Development of an HPLC method to analyze four veterinary antibiotics in soils and aqueous media and validation through fate studies
Srinivasan, P., Sarmah, A., Manley-Harris, M. & Wilkins, A. (2012). Development of an HPLC method to analyze four veterinary antibiotics in soils and aqueous media and validation through fate studies. Journal of Environmental Science and Health Part A-Toxic/Hazardous Substances & Environmental Engineering, 47(13), 2120-2132.

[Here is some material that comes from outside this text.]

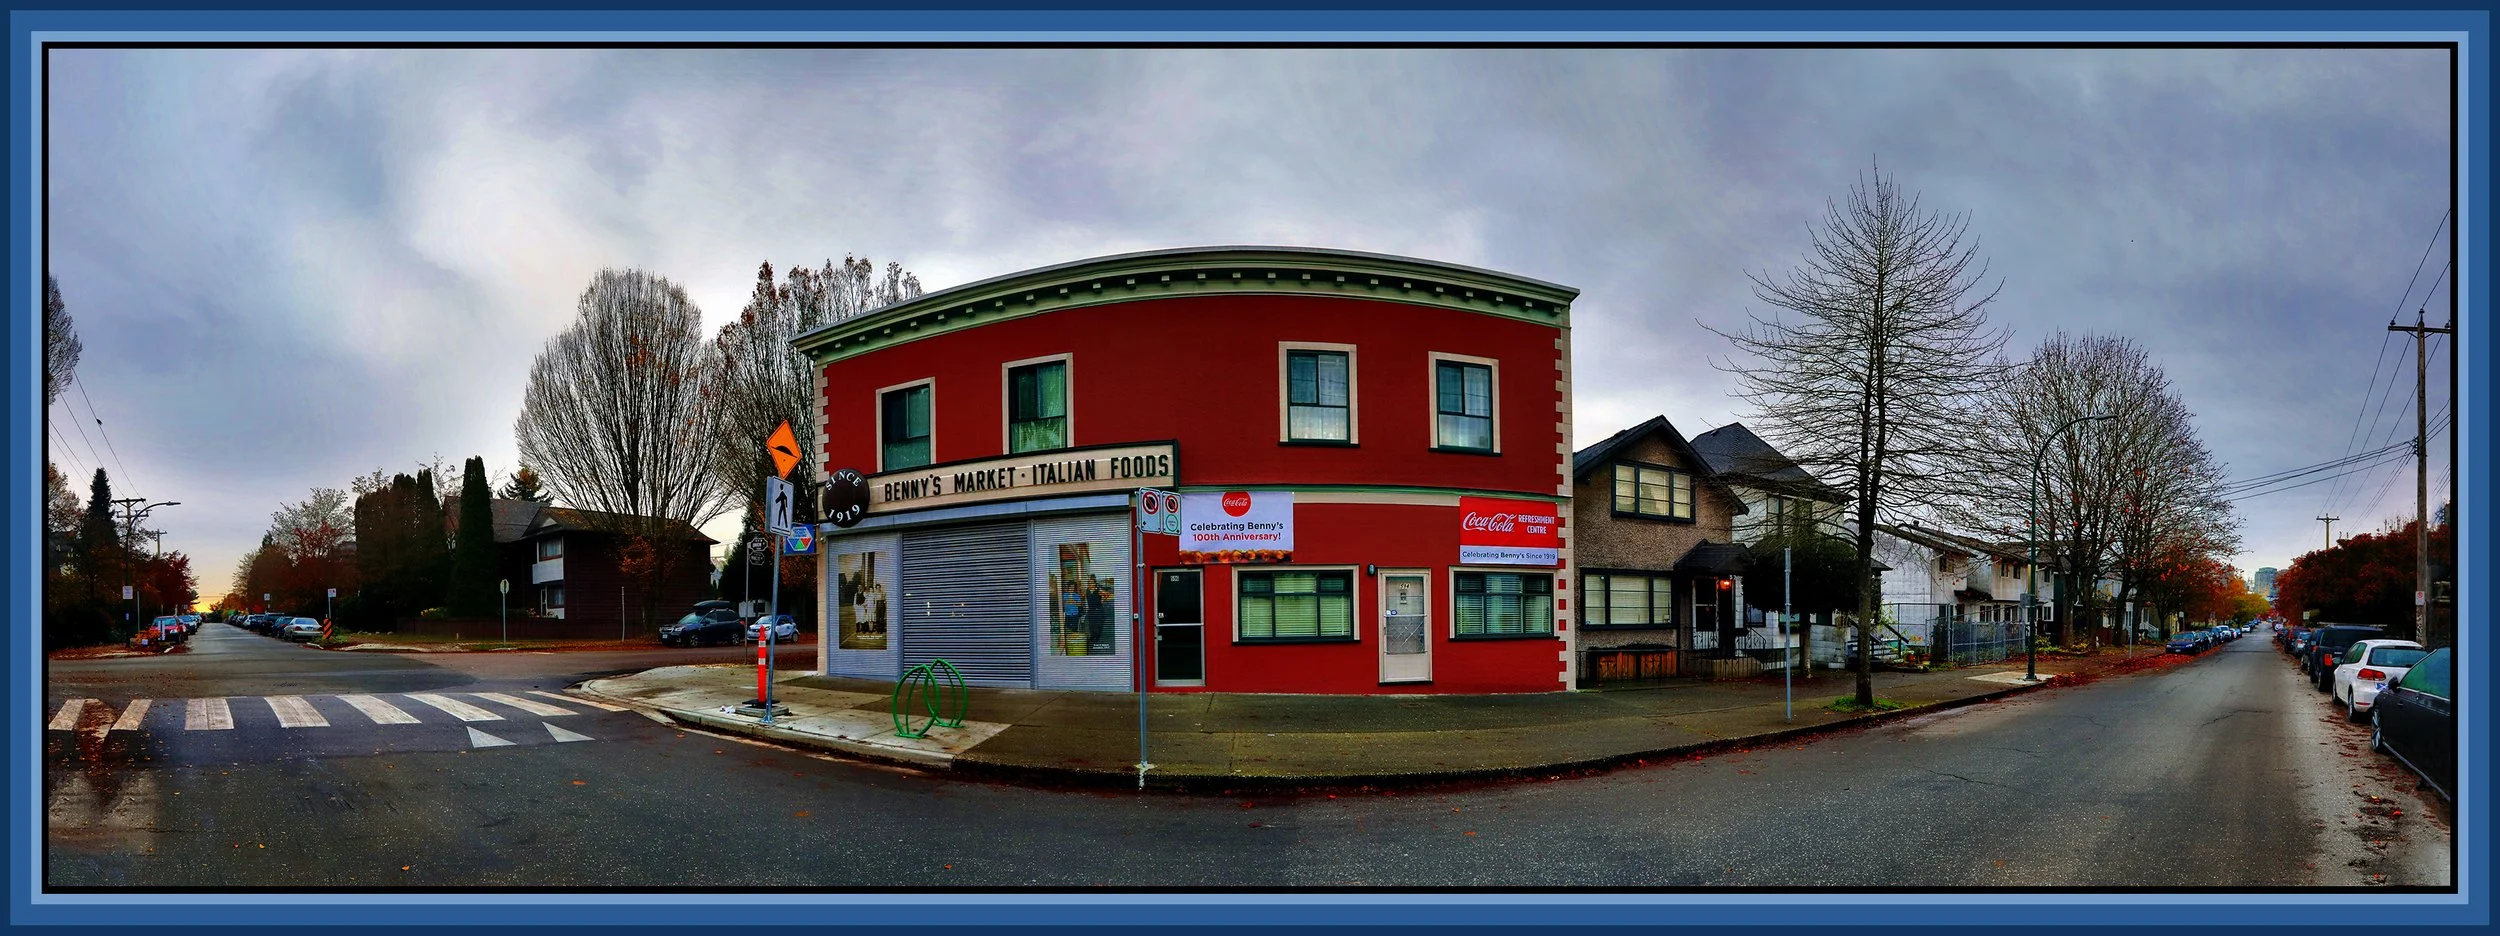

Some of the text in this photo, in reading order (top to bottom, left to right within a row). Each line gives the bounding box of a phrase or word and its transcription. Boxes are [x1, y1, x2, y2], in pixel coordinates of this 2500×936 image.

Permanent Research Commons link: https://hdl.handle.net/10289/6672
A simple, yet robust analytical method was developed to detect and quantify three sulfonamides (SA), namely sulfamethoxazole (SMO), sulfachloropyridazine (SCP), and sulfamethazine (SM), and a macrolide tylosin (TT) in aqueous (calcium chloride and leachate solutions) and solid (agricultural soils) matrices using high performance liquid chromatography and ultra violet detection at 290 nm (TT) and 275 nm (SA) respectively. Chromatography was performed using a Phenomenex Onyx Monolithic C-18 column for TT and a C-18 Luna column for sulfonamides as single analytes eluted isocratically with a mobile phase consisting of acetonitrile: trifluoroacetic acid: tetrahydrofuran in the ratio 22.5:68:9.5 for TT, 40:55:5 for SMO, 32:63:5 for SCP and 31:64:5 for SM (v/v) at 1.0 mL min(-1) and an injection volume of 20 mu L. A gradient method to detect all three sulfonamides in a single run was also developed. The soil residue analysis consisted of extraction with dichloromethane and pre-concentration steps as the aqueous phase was measured directly. The limits of detection at an S/N (signal: noise) ratio of 3 were 20.0 mu g L-1 and 50 mu g L-1 for all sulfonamides and tylosin respectively. The average recoveries for all sulfonamides and tylosin in aqueous matrices ranged from 95 to 105% across the six concentrations investigated. Recoveries from the soils were slightly lower for sulfonamides and tylosin. The isocratic method was used to determine the sorption and degradation of sulfonamides in soils, while the gradient method was used to determine degradation kinetics and leachate concentrations in soils and aqueous systems.